EXERCISE INPUT –
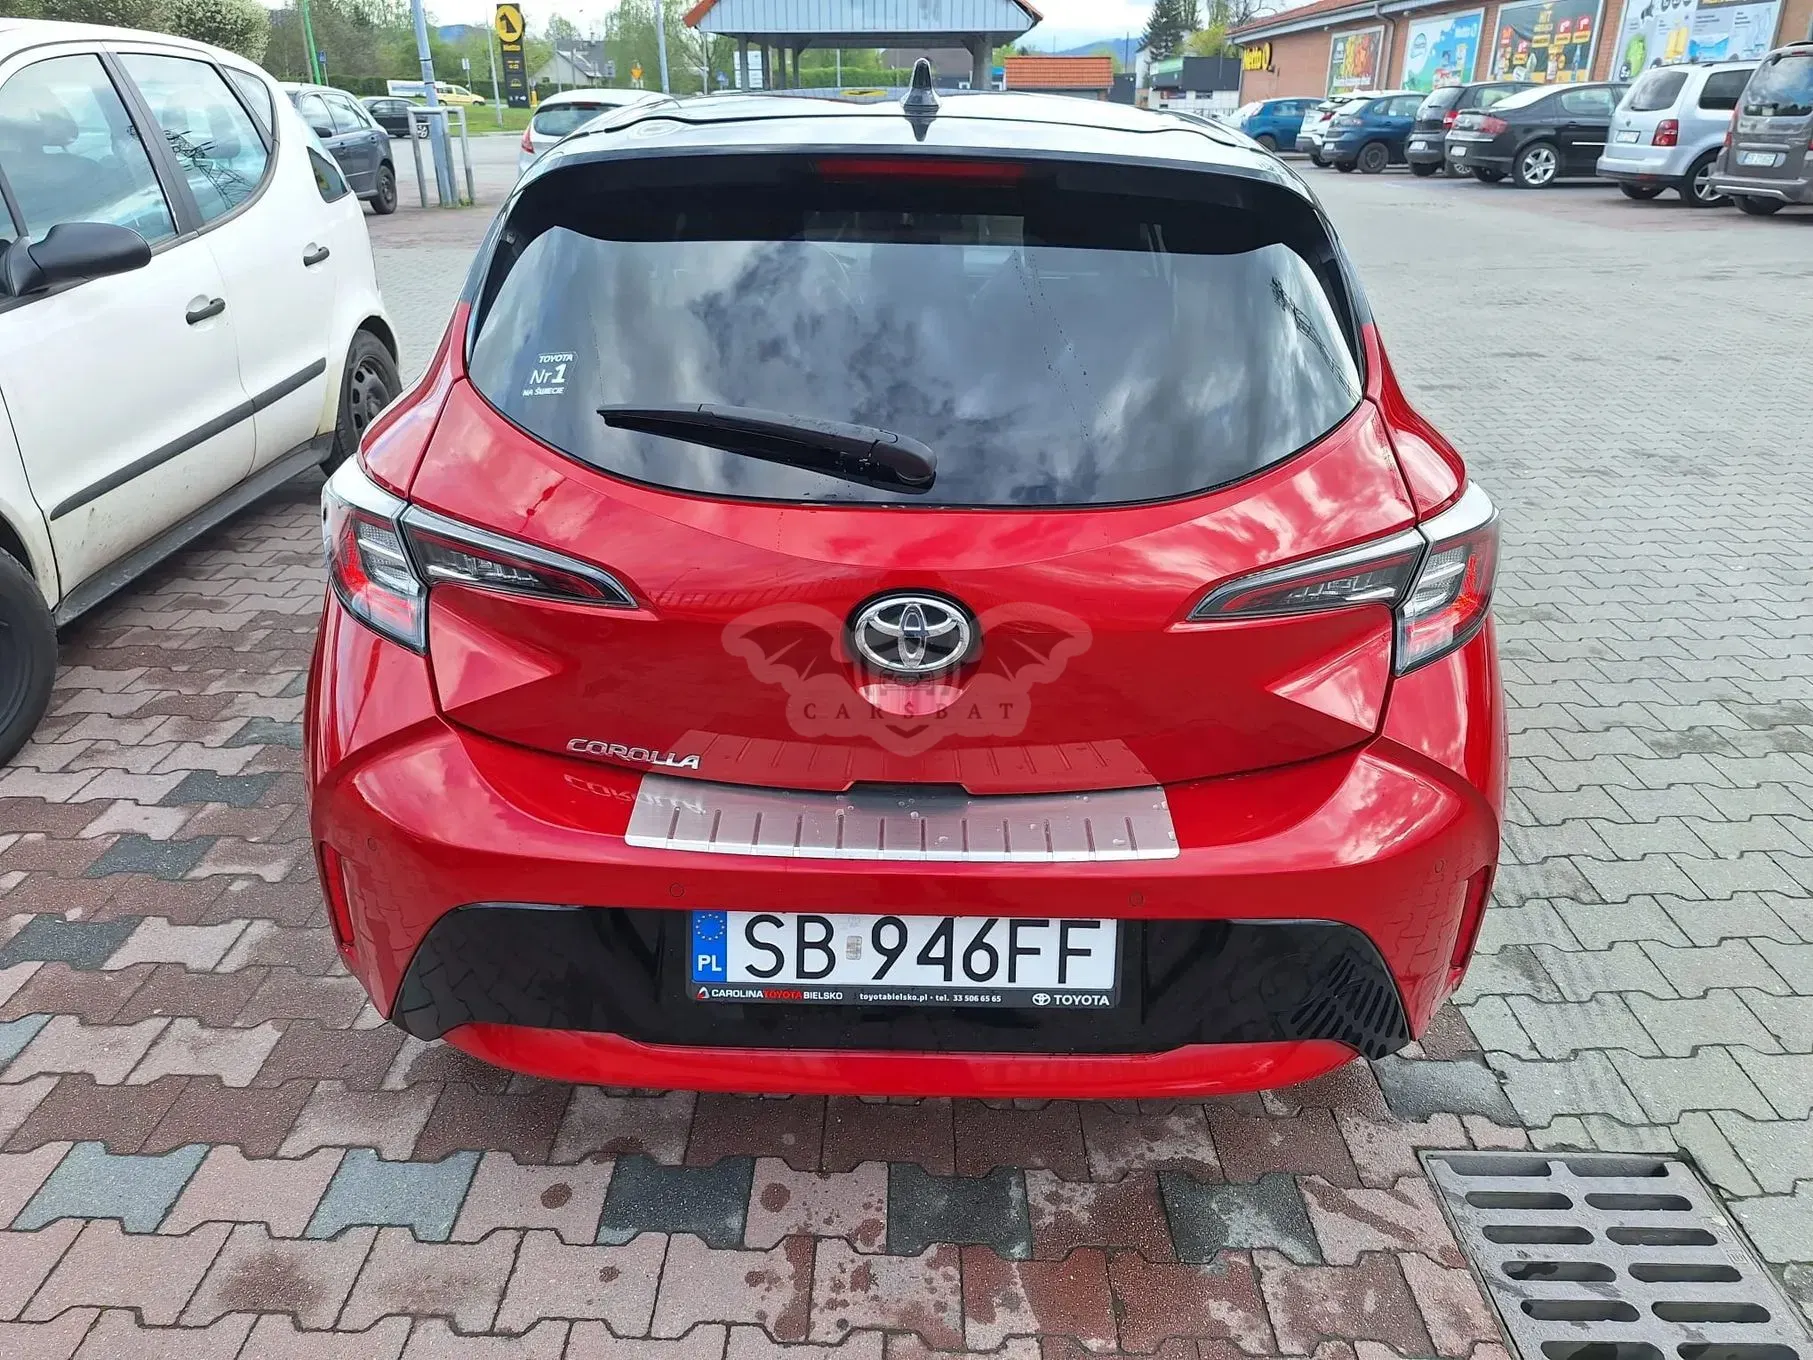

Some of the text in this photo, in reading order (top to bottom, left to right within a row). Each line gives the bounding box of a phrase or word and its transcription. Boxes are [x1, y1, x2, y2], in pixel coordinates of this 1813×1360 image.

[1243, 46, 1263, 70] Netto
[539, 353, 573, 363] TOYOTA
[566, 738, 701, 770] COROLLA
[744, 914, 1101, 984] SB 946FF
[697, 954, 722, 972] PL
[803, 991, 843, 1000] BIELSKO
[859, 992, 928, 1003] toyotabielsko.pl
[935, 994, 950, 1002] tel.
[1053, 994, 1110, 1006] TOYOTA

REQUIRED ACTION – Could you give the listing again exactly as it stands, minus any pictures?

RESPONSE AREA –
Some of the text in this photo, in reading order (top to bottom, left to right within a row). Each line gives the bounding box of a phrase or word and its transcription. Boxes are [x1, y1, x2, y2], in pixel coordinates of this 1813×1360 image.

[1243, 46, 1263, 70] Netto
[539, 353, 573, 363] TOYOTA
[566, 738, 701, 770] COROLLA
[744, 914, 1101, 984] SB 946FF
[697, 954, 722, 972] PL
[803, 991, 843, 1000] BIELSKO
[859, 992, 928, 1003] toyotabielsko.pl
[935, 994, 950, 1002] tel.
[1053, 994, 1110, 1006] TOYOTA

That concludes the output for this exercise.